• _ASSIGNMENT_: Taking the data below, please print only the lines from the line holding "this 1560×1386 image." to the line holding "this 1366×1152 image.", inclusive, with pictures omitted.

════════════════════

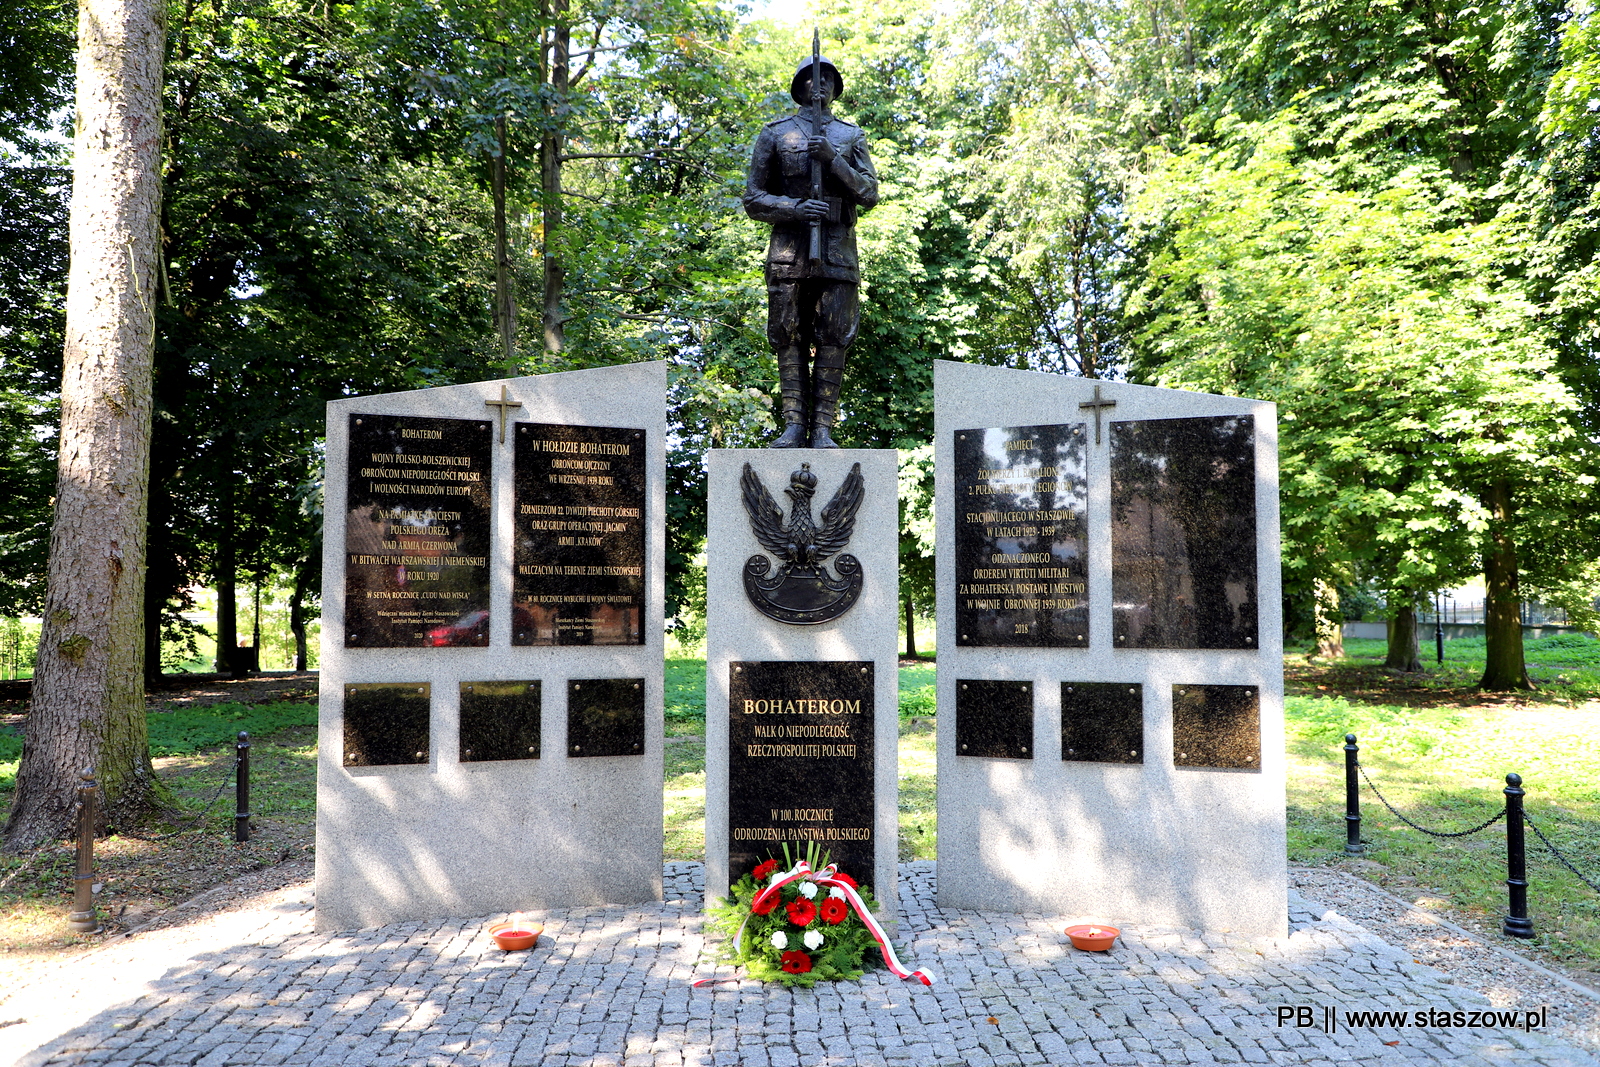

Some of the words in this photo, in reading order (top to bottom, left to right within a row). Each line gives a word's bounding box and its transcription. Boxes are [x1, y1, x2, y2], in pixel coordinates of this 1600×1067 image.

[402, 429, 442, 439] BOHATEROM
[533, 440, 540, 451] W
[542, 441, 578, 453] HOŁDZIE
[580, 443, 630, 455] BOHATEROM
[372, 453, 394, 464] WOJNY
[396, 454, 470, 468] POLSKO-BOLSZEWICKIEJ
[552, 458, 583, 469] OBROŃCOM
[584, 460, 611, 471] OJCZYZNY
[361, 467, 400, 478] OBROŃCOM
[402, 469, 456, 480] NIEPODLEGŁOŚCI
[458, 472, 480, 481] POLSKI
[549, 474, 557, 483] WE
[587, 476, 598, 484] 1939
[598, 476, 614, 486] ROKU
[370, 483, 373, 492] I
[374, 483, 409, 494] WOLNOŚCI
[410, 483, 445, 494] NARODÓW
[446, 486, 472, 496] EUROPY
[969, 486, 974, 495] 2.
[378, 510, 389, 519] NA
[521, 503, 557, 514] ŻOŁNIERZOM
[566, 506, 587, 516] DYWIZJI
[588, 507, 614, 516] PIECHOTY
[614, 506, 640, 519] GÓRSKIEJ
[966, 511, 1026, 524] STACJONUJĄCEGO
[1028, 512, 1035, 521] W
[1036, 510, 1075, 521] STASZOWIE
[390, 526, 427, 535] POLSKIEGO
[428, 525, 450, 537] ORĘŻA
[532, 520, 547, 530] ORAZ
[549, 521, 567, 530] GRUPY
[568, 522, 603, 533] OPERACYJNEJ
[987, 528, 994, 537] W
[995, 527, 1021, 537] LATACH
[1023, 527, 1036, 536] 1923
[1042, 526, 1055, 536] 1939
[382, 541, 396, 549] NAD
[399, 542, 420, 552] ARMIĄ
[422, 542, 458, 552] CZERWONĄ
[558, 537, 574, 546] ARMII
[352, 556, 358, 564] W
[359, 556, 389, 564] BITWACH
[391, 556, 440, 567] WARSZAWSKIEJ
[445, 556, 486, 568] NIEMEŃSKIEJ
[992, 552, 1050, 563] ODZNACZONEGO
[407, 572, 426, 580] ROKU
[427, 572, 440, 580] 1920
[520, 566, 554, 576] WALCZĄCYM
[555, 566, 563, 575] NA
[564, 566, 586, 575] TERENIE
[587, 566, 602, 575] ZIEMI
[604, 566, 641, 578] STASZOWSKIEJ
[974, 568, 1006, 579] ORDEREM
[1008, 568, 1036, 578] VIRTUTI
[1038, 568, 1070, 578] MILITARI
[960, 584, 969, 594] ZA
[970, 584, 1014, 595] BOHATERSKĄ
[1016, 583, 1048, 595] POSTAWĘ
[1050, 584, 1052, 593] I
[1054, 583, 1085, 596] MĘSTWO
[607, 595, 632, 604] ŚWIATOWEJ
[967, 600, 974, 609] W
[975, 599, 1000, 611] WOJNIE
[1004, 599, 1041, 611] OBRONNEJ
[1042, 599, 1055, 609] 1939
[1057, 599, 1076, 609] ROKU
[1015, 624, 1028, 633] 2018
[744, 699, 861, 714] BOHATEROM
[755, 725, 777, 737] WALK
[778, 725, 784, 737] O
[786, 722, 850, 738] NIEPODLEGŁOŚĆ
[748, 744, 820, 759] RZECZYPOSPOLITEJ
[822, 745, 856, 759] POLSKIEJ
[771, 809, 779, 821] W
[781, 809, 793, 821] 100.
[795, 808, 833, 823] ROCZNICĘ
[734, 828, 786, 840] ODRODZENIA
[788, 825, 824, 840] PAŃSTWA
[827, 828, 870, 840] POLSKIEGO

════════════════════

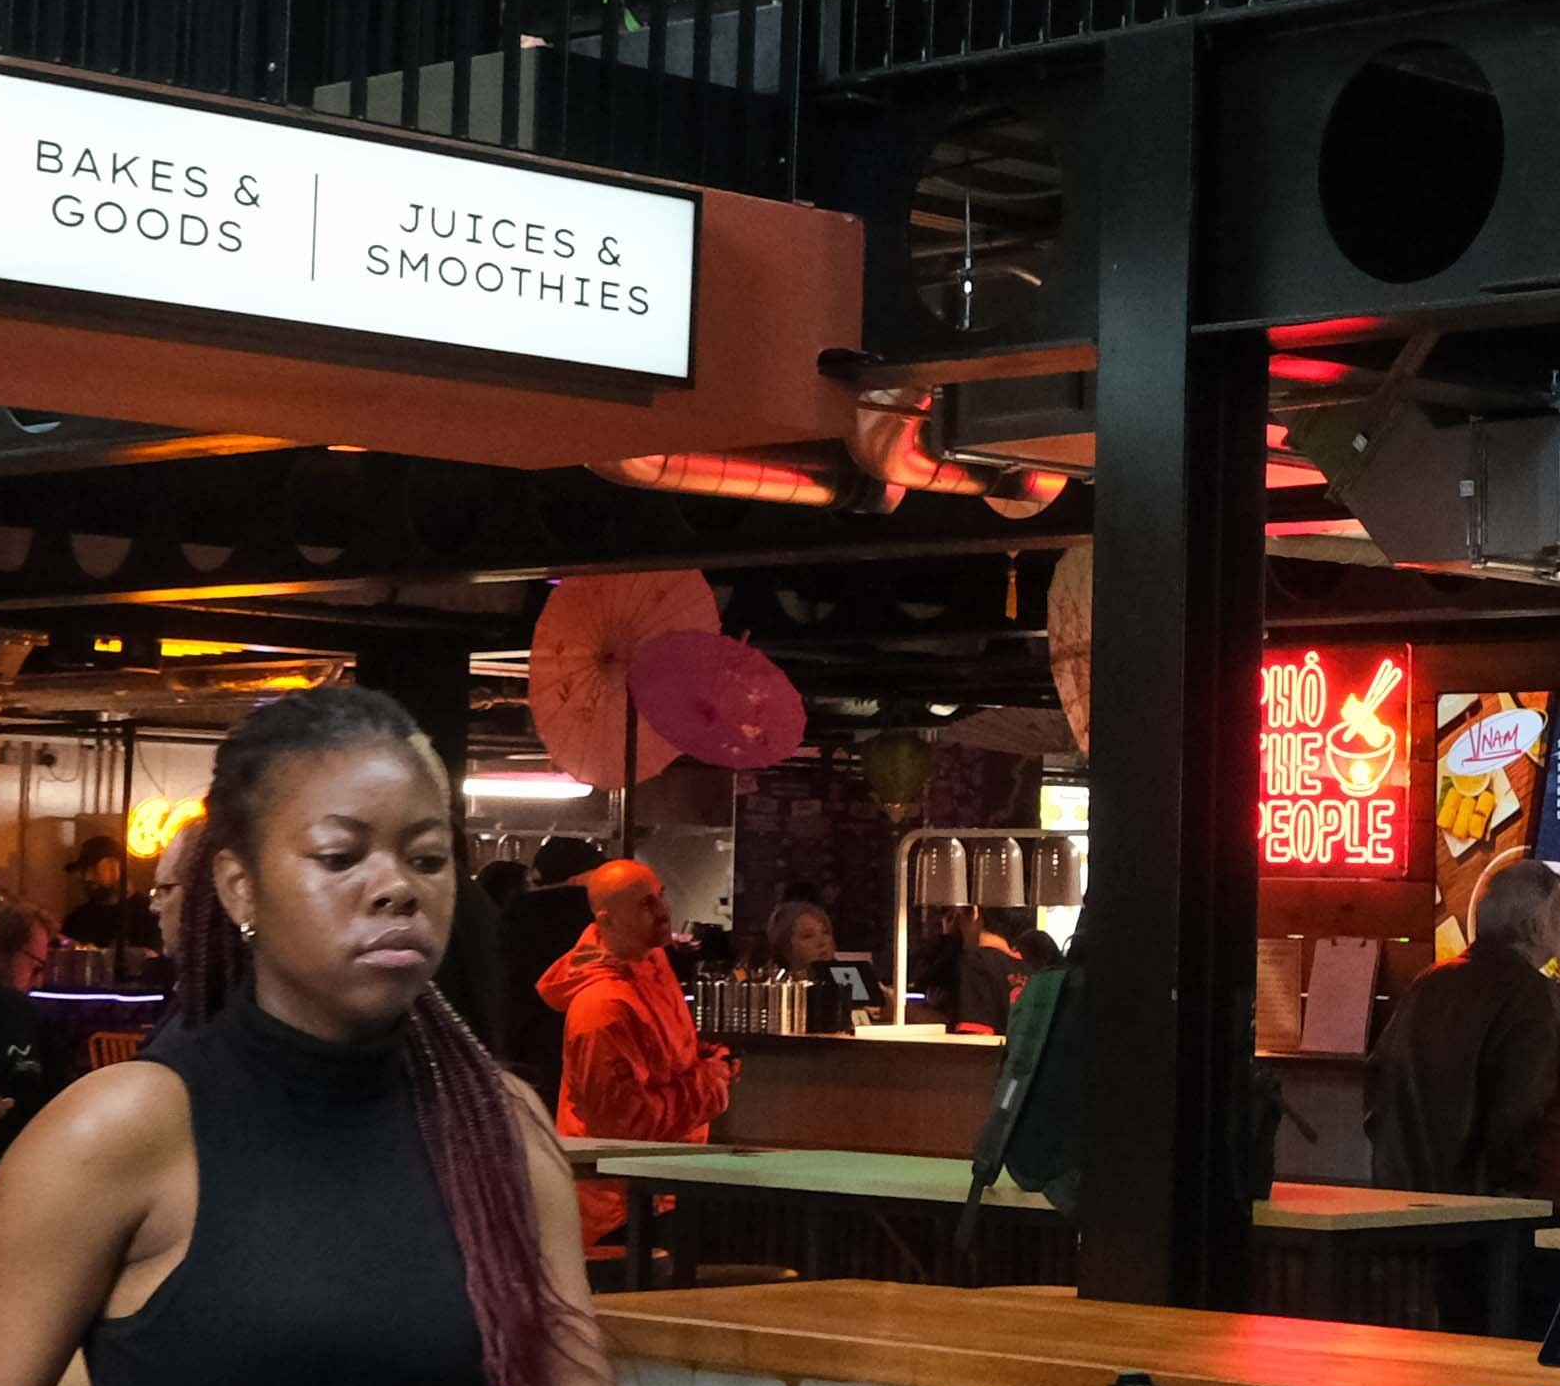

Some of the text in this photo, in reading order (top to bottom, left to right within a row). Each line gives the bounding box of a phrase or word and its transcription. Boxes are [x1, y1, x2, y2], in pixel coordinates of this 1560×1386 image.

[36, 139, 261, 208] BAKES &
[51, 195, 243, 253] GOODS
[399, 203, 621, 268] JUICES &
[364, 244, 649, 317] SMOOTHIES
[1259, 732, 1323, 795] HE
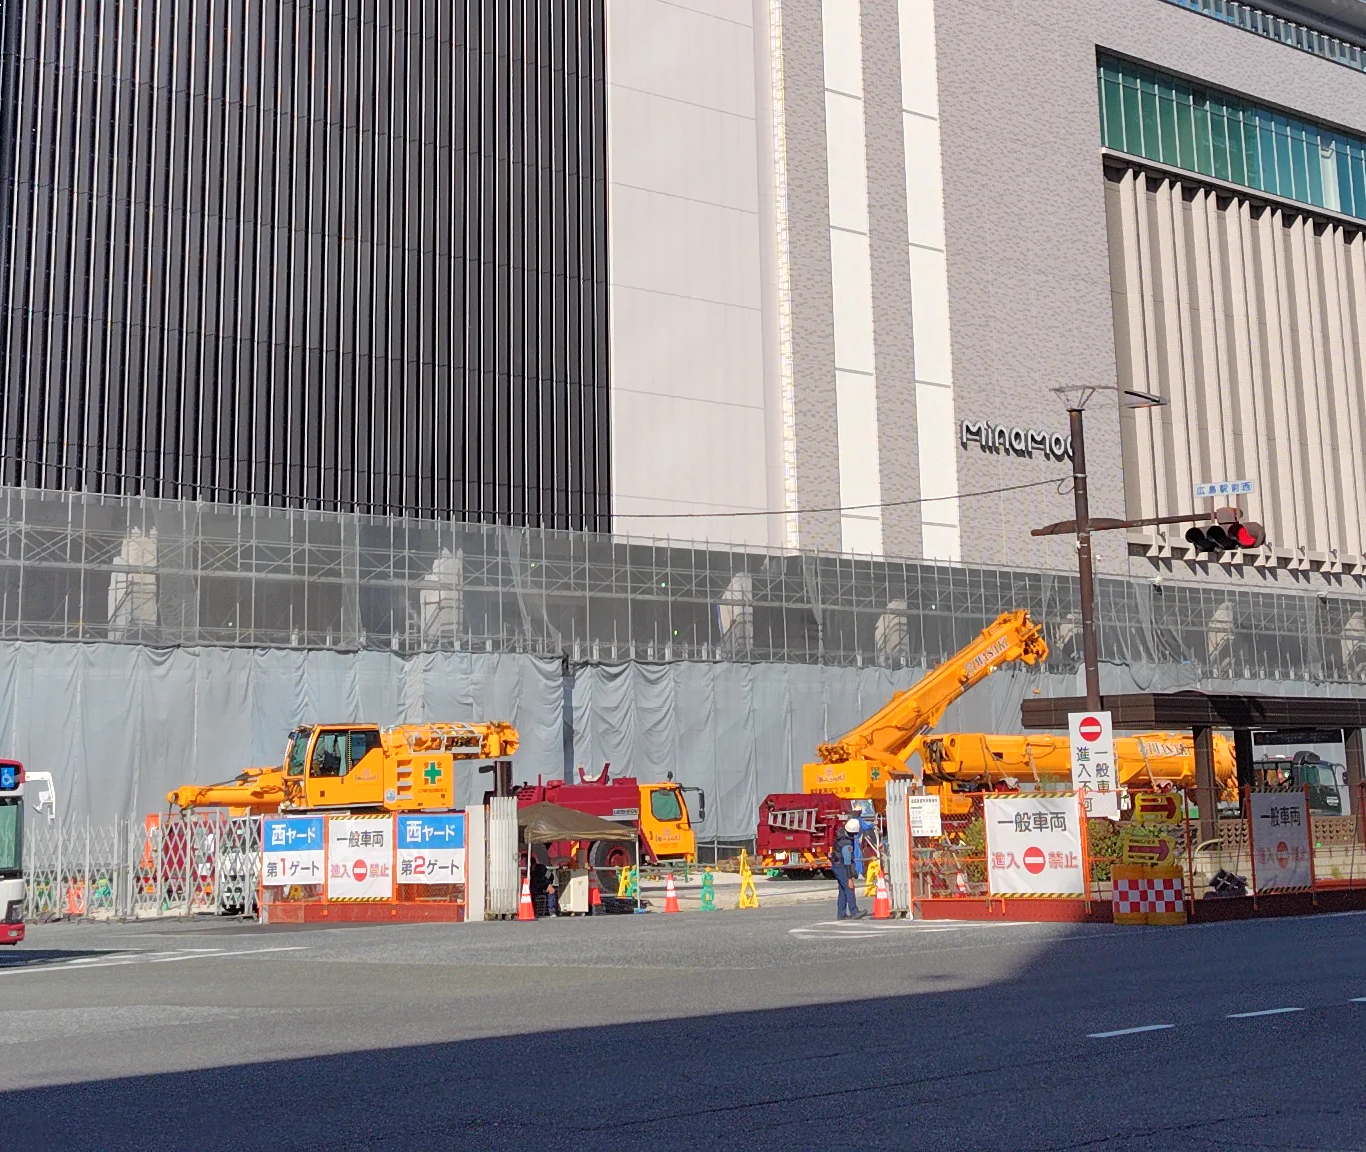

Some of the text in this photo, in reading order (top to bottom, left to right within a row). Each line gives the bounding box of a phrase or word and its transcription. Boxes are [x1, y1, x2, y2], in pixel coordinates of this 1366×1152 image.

════════════════════

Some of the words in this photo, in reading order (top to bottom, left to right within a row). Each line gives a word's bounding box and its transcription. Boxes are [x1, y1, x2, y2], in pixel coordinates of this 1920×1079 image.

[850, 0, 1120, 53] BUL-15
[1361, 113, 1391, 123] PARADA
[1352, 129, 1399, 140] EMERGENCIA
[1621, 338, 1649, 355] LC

════════════════════

• _TASK OUTPUT_:
Some of the text in this photo, in reading order (top to bottom, left to right within a row). Each line gives the bounding box of a phrase or word and its transcription. Boxes are [x1, y1, x2, y2], in pixel coordinates of this 1560×1386 image.

[36, 139, 261, 208] BAKES &
[51, 195, 243, 253] GOODS
[399, 203, 621, 268] JUICES &
[364, 244, 649, 317] SMOOTHIES
[1259, 732, 1323, 795] HE

Some of the text in this photo, in reading order (top to bottom, left to right within a row). Each line gives the bounding box of a phrase or word and its transcription. Boxes are [x1, y1, x2, y2], in pixel coordinates of this 1366×1152 image.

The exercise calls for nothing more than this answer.